O Ibovespa futuro opera em queda nesta quinta-feira (23), refletindo o aumento da aversão ao risco nos mercados globais. A alta do petróleo e as tensões no Oriente Médio pressionam os ativos brasileiros, enquanto investidores monitoram desdobramentos geopolíticos e dados econômicos.
Petróleo em alta e tensão no Oriente Médio
Os preços do petróleo avançam nesta sessão, com o barril do Brent sendo negociado acima dos US$ 75, impulsionado por preocupações com a oferta após ataques do Irã a instalações da CIA e declarações de que 'ninguém venderá petróleo na região se o Irã não puder'. A escalada das tensões no Oriente Médio eleva o prêmio de risco geopolítico, afetando negativamente os mercados acionários.
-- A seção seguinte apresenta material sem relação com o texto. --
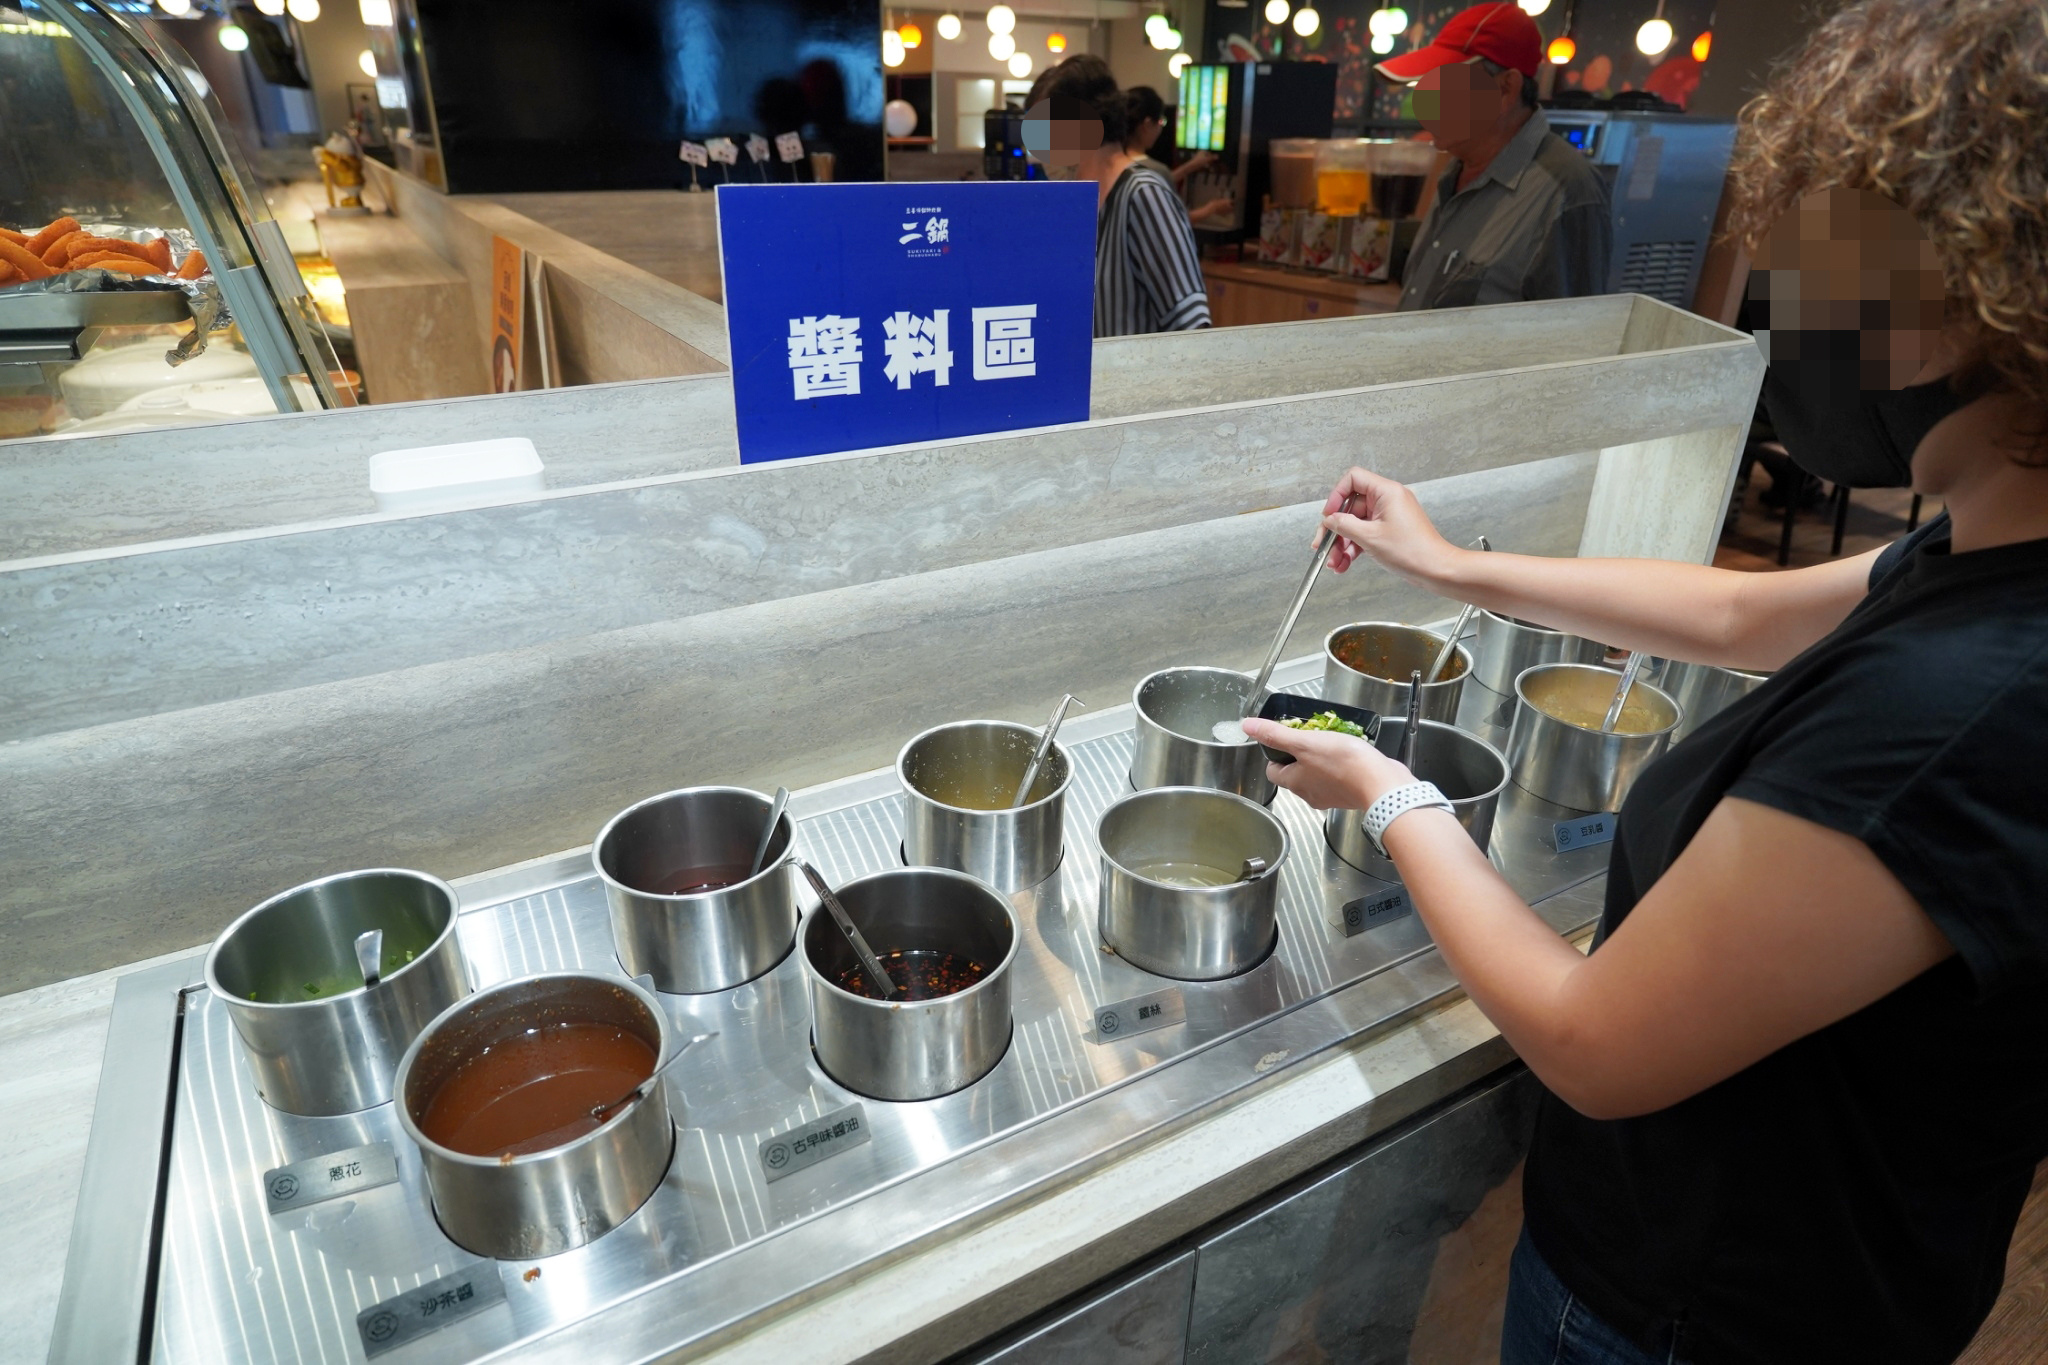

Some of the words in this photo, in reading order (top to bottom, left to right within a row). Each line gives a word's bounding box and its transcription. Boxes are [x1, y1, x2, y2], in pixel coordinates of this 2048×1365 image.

[899, 216, 949, 245] 二鍋
[787, 304, 1037, 401] 醬料區
[1368, 896, 1402, 916] 日式醬油
[792, 1117, 860, 1155] 古早味醬油
[329, 1161, 362, 1183] 蔥花
[420, 1281, 475, 1317] 沙茶醬
Segundo analistas, o cenário de incerteza pode se prolongar, especialmente com a expectativa de novas sanções dos EUA contra o Irã. O presidente Donald Trump alertou para o risco de paralisação do governo e fez apelo por votações no Congresso, adicionando volatilidade ao cenário político americano.
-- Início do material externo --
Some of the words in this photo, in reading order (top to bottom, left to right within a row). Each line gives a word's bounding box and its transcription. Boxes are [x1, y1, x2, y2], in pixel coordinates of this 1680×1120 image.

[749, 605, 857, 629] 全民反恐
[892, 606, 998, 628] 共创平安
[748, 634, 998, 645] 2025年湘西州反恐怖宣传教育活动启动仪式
Impacto no mercado brasileiro
A aversão ao risco global se reflete no Ibovespa futuro, que recua mais de 0,5% nos primeiros negócios. O dólar opera em alta frente ao real, cotado a R$ 5,80, enquanto os juros futuros sobem, com a taxa do DI para janeiro de 2027 avançando para 14,85%.
Entre as ações mais negociadas, Petrobras (PETR4) cai 1,2%, acompanhando a queda do petróleo no mercado internacional, apesar da alta da commodity. Vale (VALE3) recua 0,8%, pressionada pela desvalorização do minério de ferro na China. Já os bancos, como Itaú (ITUB4) e Bradesco (BBDC4), operam estáveis.
Mercados internacionais
Nos Estados Unidos, os índices futuros operam mistos, com o S&P 500 e o Nasdaq próximo da estabilidade, enquanto o Dow Jones cai 0,3%. Investidores aguardam a divulgação de dados de pedidos de auxílio-desemprego e o índice de gerentes de compras (PMI) do setor industrial.
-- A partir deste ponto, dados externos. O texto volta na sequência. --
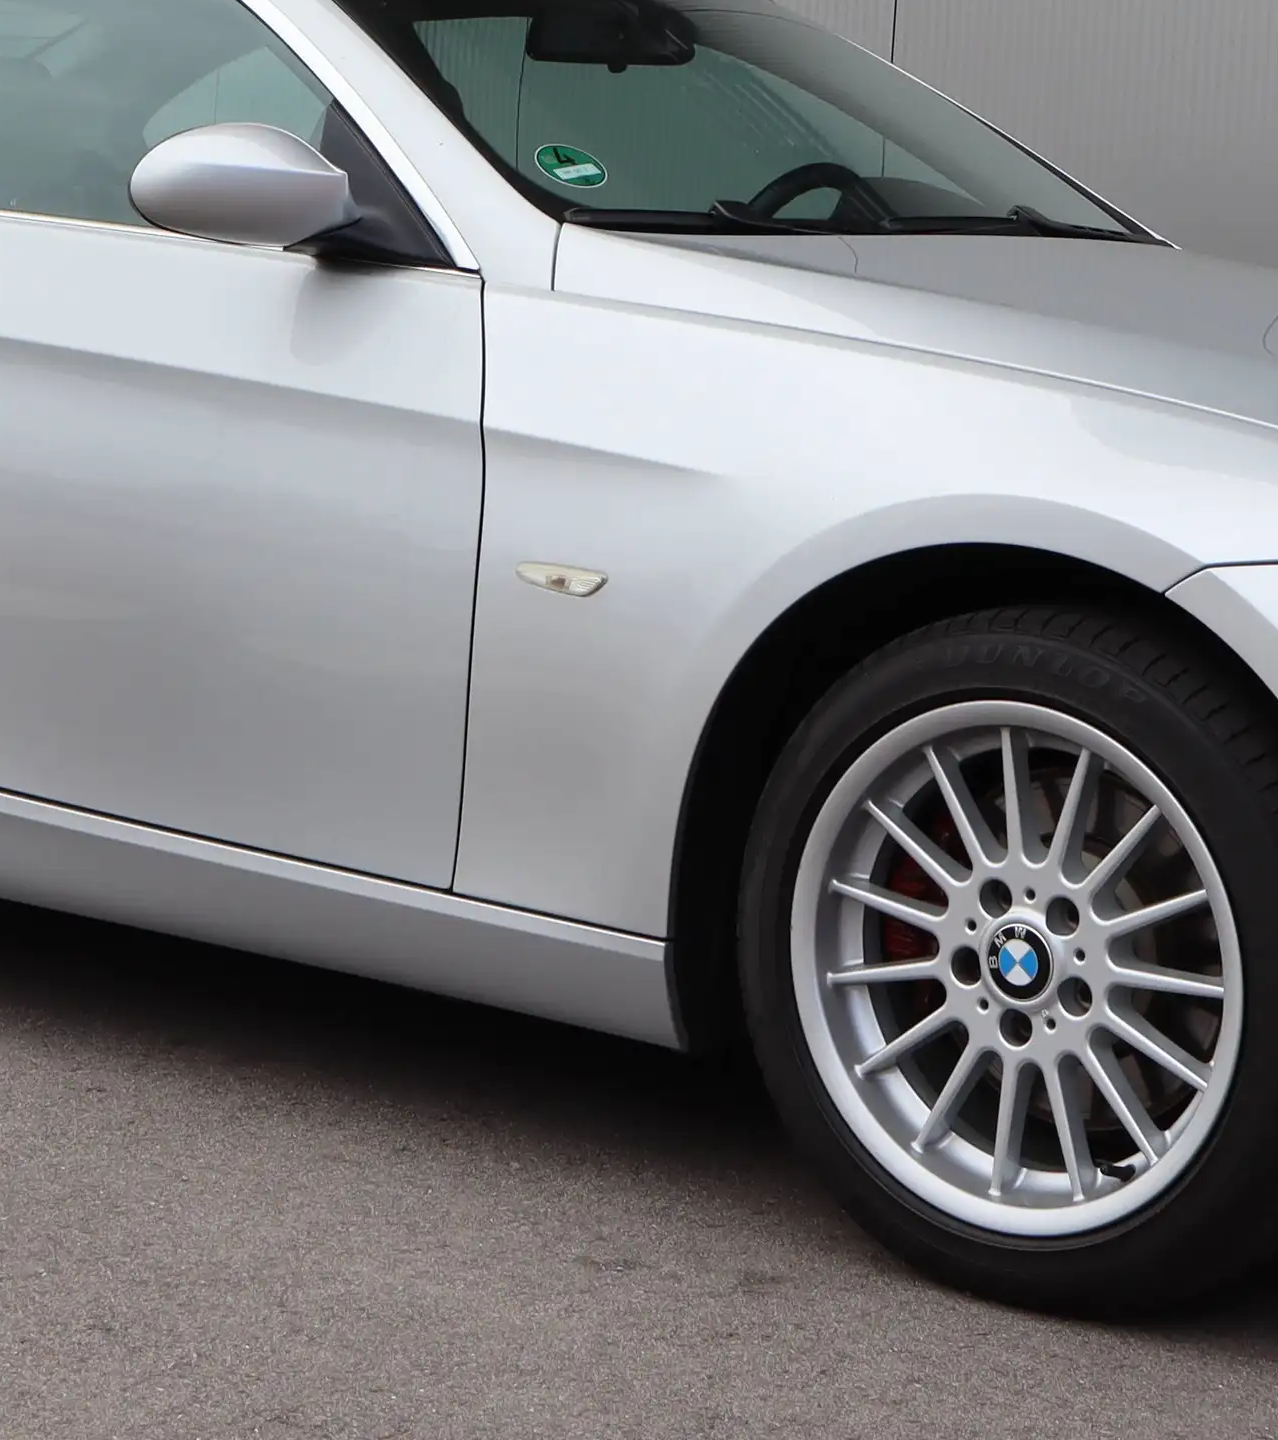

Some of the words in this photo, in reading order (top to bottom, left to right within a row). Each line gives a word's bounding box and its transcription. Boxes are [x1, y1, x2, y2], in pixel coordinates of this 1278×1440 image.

[552, 147, 576, 165] 4
[945, 643, 1147, 704] DUNLOP
[988, 925, 1027, 969] BMW
Na Europa, as bolsas operam em queda, com o índice Stoxx 600 recuando 0,5%, impactado por balanços corporativos fracos e pela persistência das tensões geopolíticas. O lucro da STMicroelectronics frustrou as projeções do mercado, e as ações da fabricante de chips desabaram 14%.
Agenda doméstica
No Brasil, o mercado acompanha o leilão da BR-116, que deve movimentar R$ 7,2 bilhões em obras e ter efeito cascata na economia, segundo o FGV. Além disso, o governo insiste em negociar o tarifaço, mas vê chance de avanço após as eleições no Brasil.
O índice Bovespa encerrou a sessão anterior em alta de 1,2%, interrompendo cinco quedas consecutivas. No entanto, a perspectiva para hoje é de cautela, com o mercado à espera de novos catalisadores.